Required work. With pictures omitted, the line containing "this 1512×1344 image." and all later lines of the records below are to be restated word for word.

(Source data)
══════════════════════════════

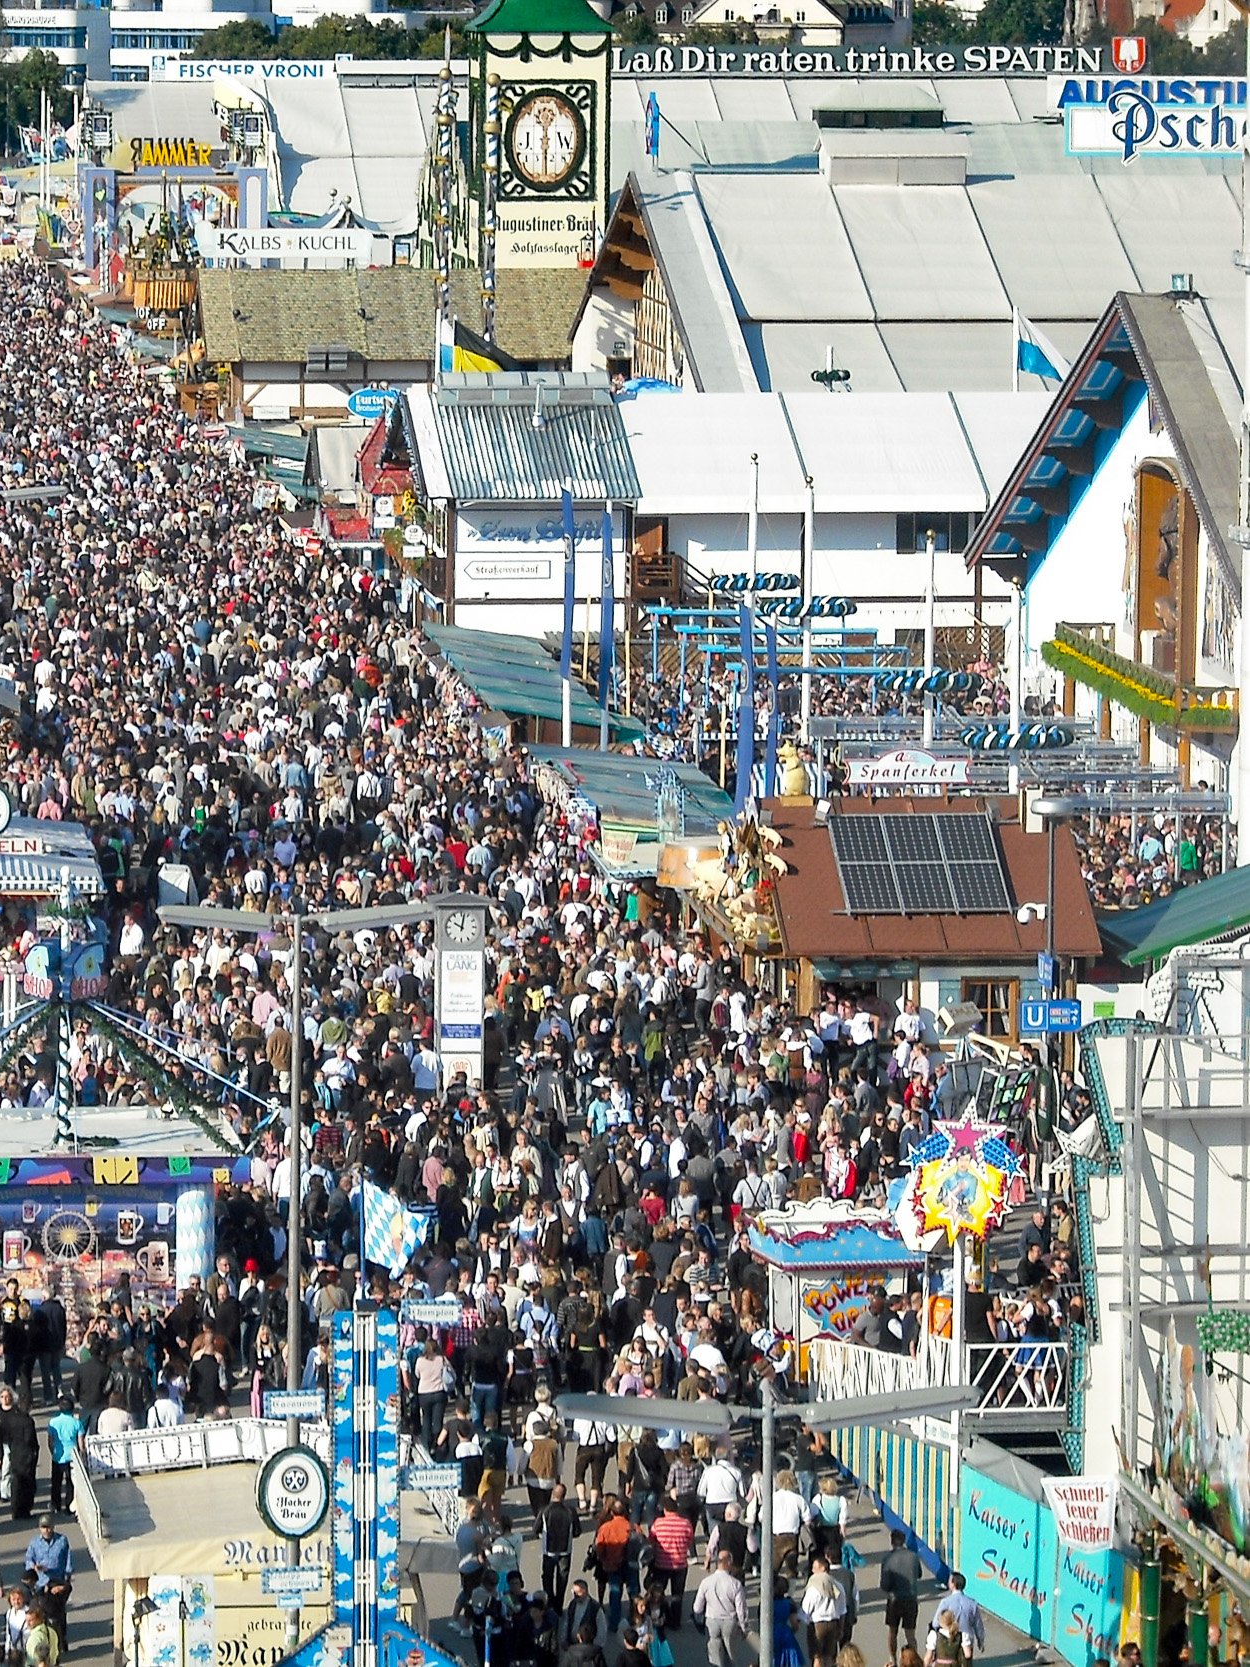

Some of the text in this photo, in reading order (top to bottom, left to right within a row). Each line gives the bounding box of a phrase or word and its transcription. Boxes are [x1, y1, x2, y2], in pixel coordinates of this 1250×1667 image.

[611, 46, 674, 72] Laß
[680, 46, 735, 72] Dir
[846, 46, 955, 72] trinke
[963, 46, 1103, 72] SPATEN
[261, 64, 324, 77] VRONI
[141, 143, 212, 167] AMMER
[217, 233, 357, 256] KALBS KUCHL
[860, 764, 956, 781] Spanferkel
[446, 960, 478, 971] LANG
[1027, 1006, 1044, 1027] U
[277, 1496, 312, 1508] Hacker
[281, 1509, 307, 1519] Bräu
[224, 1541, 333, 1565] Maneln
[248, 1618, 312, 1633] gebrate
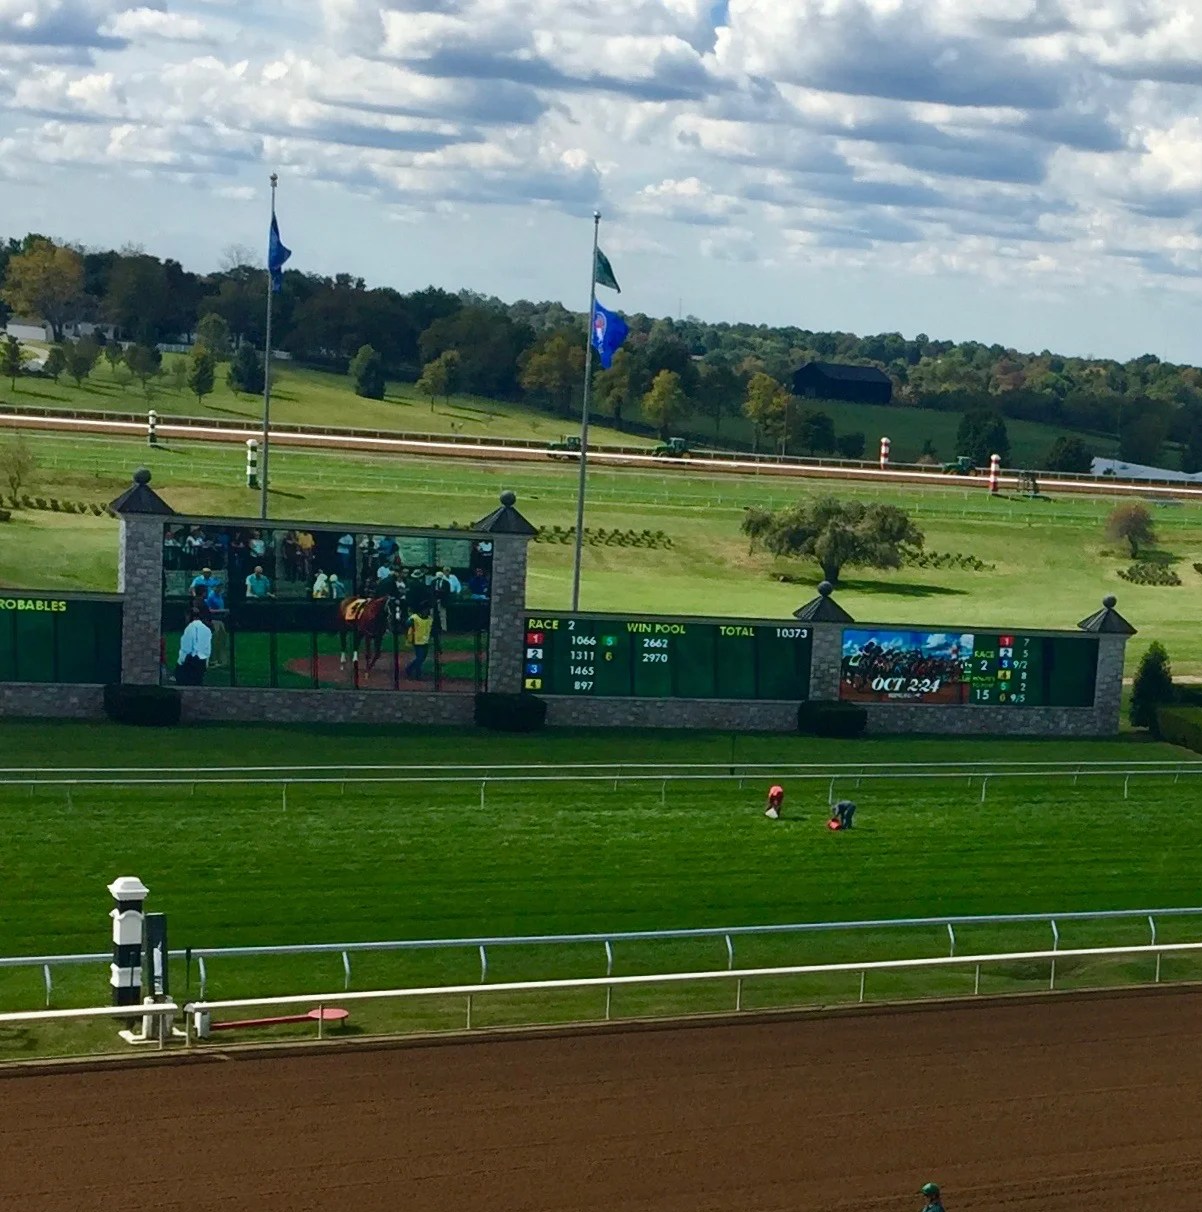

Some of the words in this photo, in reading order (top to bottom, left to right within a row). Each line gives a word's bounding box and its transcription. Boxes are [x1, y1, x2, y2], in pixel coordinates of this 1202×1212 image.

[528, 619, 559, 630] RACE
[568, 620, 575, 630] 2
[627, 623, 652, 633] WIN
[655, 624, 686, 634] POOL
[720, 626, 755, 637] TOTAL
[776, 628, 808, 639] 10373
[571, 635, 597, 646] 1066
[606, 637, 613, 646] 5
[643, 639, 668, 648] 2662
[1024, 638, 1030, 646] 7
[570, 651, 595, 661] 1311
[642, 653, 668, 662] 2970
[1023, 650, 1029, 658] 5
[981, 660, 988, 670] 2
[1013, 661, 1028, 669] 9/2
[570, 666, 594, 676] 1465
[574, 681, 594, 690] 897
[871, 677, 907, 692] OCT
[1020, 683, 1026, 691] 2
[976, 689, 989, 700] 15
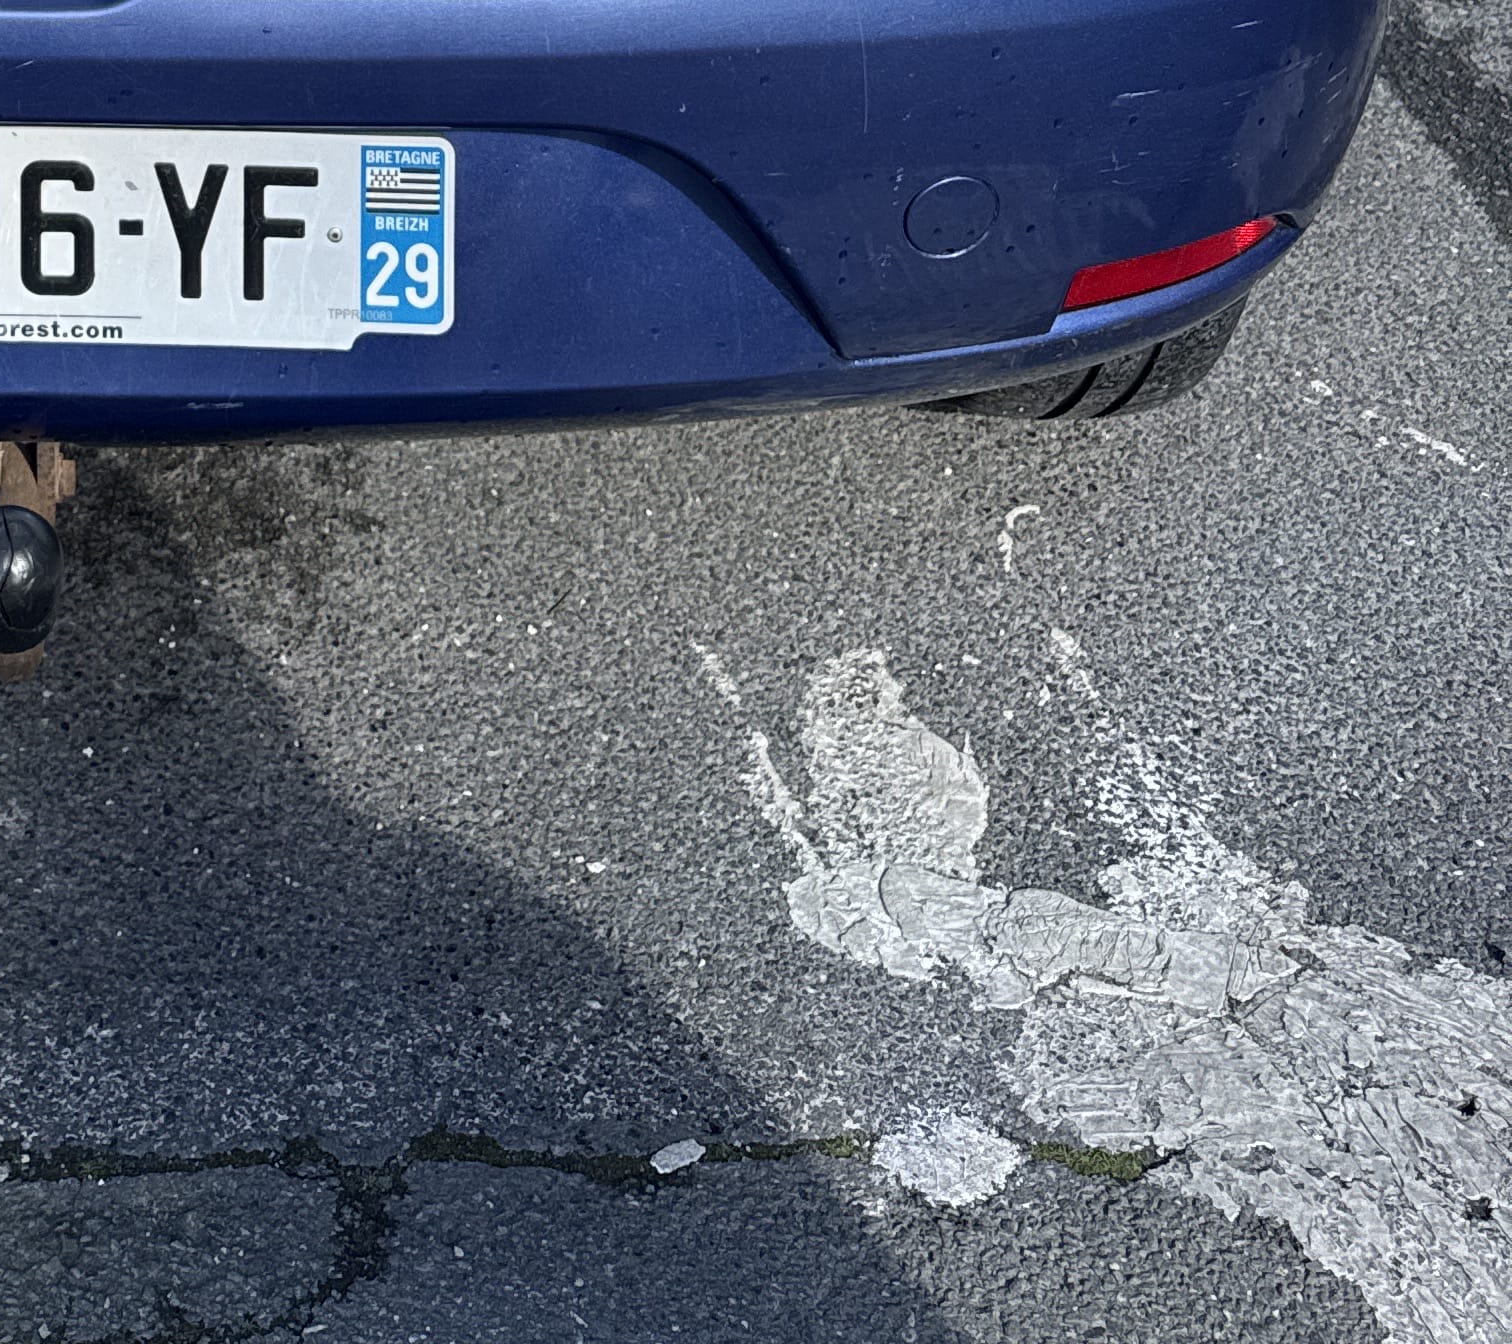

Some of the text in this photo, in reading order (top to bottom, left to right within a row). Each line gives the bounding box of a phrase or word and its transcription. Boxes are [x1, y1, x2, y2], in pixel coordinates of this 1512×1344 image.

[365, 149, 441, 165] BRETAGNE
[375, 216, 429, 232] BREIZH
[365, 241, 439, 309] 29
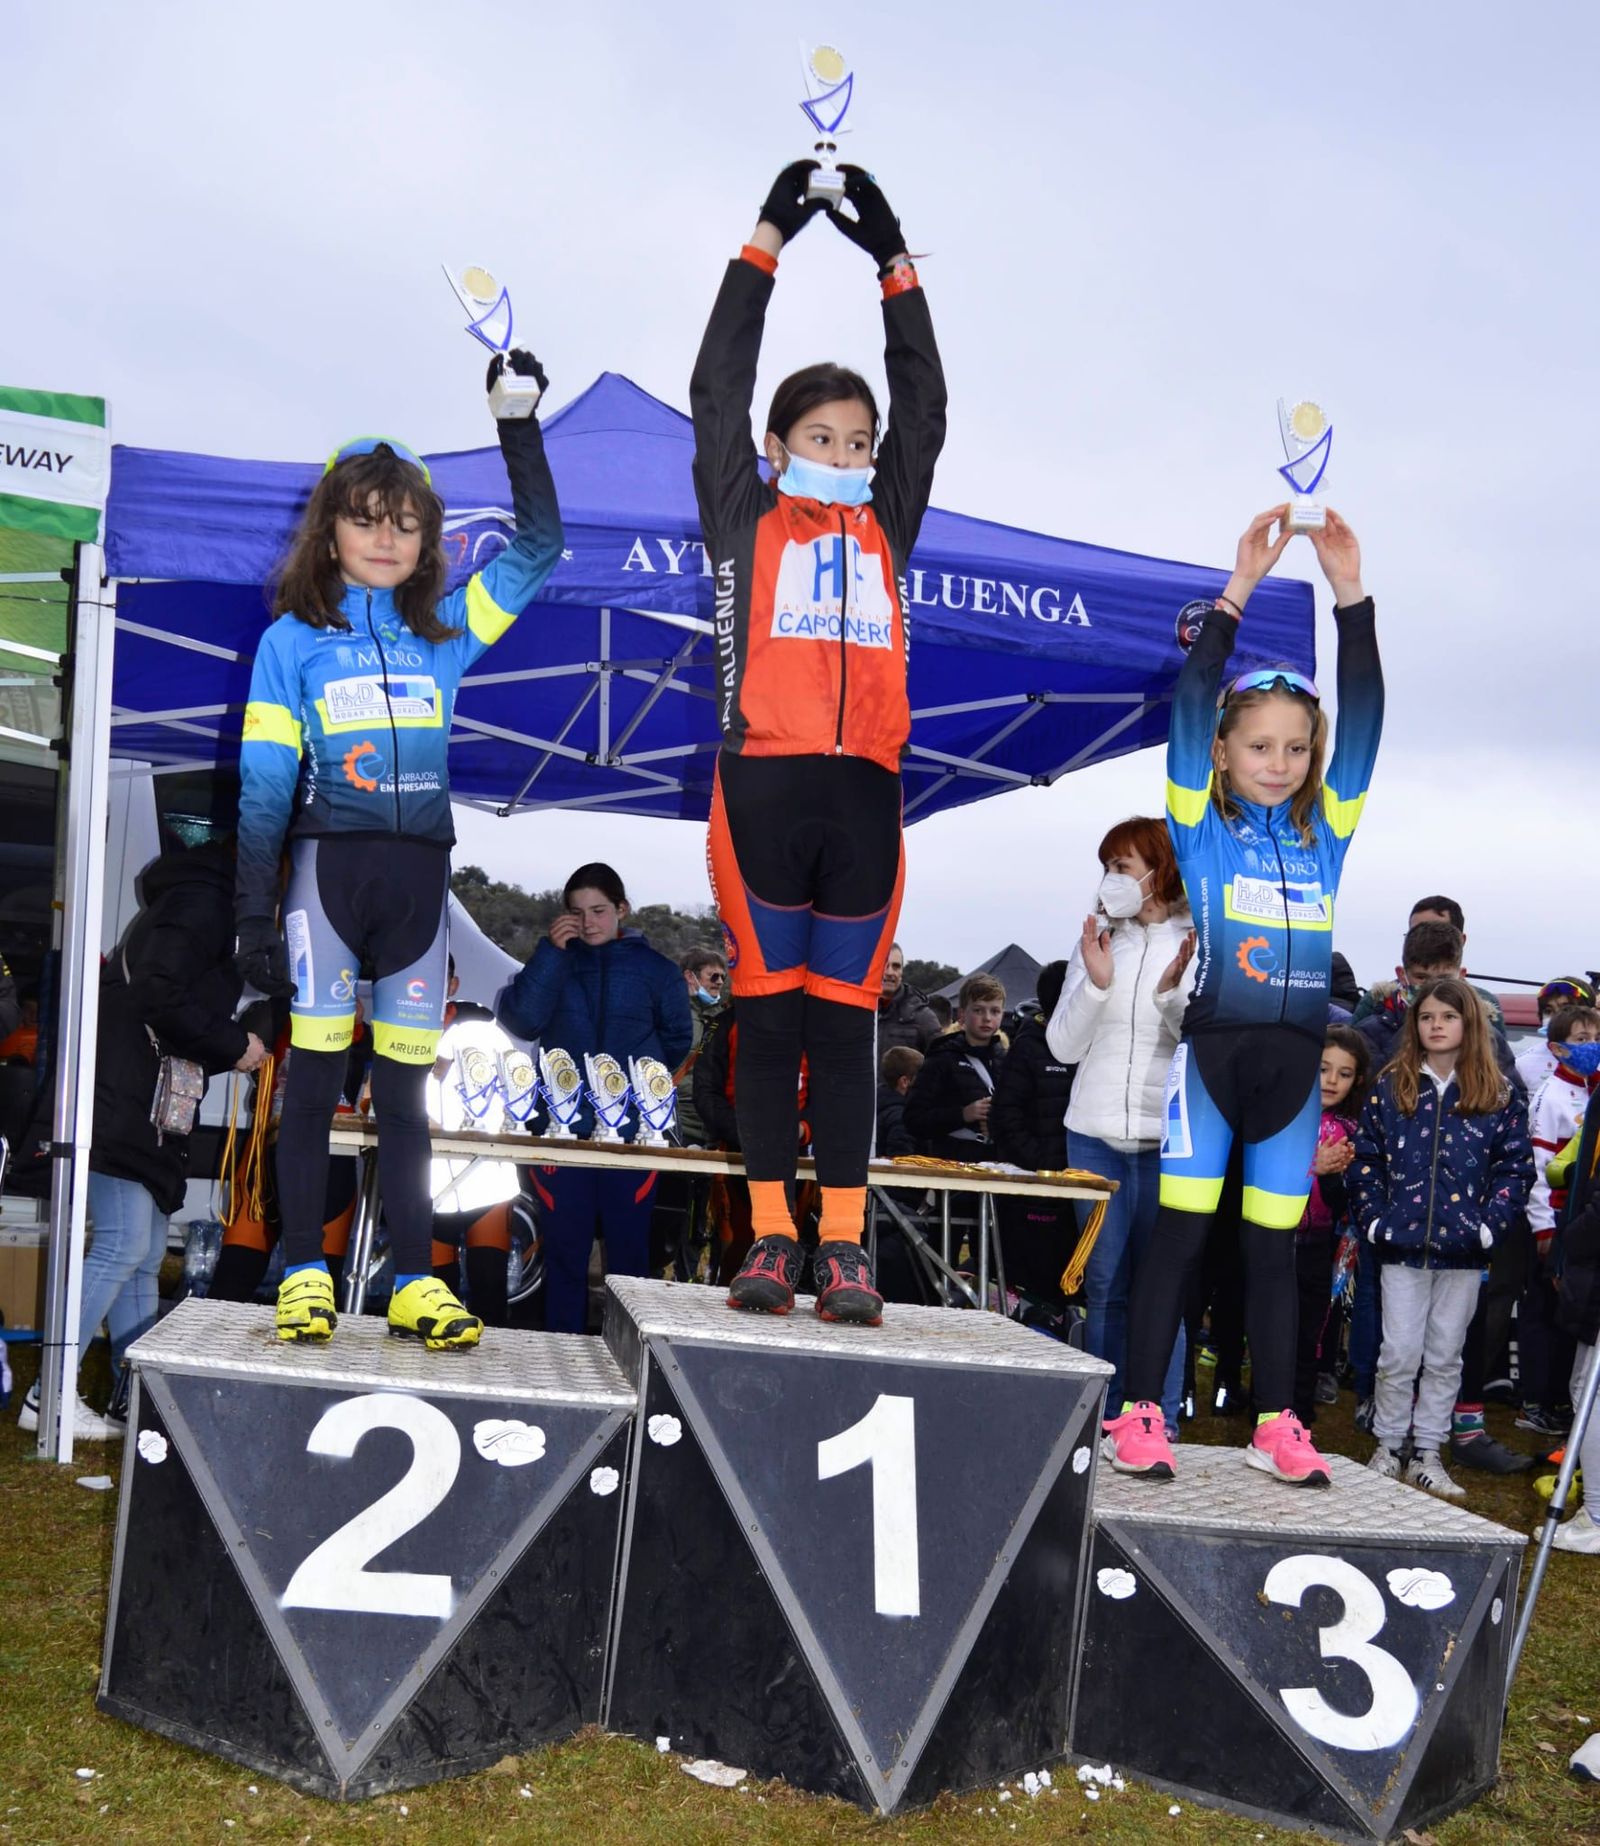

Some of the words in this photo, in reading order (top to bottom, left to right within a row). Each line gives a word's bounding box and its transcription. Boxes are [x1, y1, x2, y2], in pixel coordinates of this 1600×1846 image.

══════════════════════════════

Answer below.
Some of the text in this photo, in reading order (top to bottom, left to right within a row). Each line gives the bounding box of a phrase or word and its transcription. Boxes are [x1, y1, x2, y2], in pixel coordinates of this 1512×1344 image.

[365, 149, 441, 165] BRETAGNE
[375, 216, 429, 232] BREIZH
[365, 241, 439, 309] 29

Some of the words in this photo, in reading order (top to bottom, left to right within a row). Each line gives a word's bounding box and its transcription. Boxes are [x1, y1, x2, y2], in pixel coordinates of this 1600×1846 image.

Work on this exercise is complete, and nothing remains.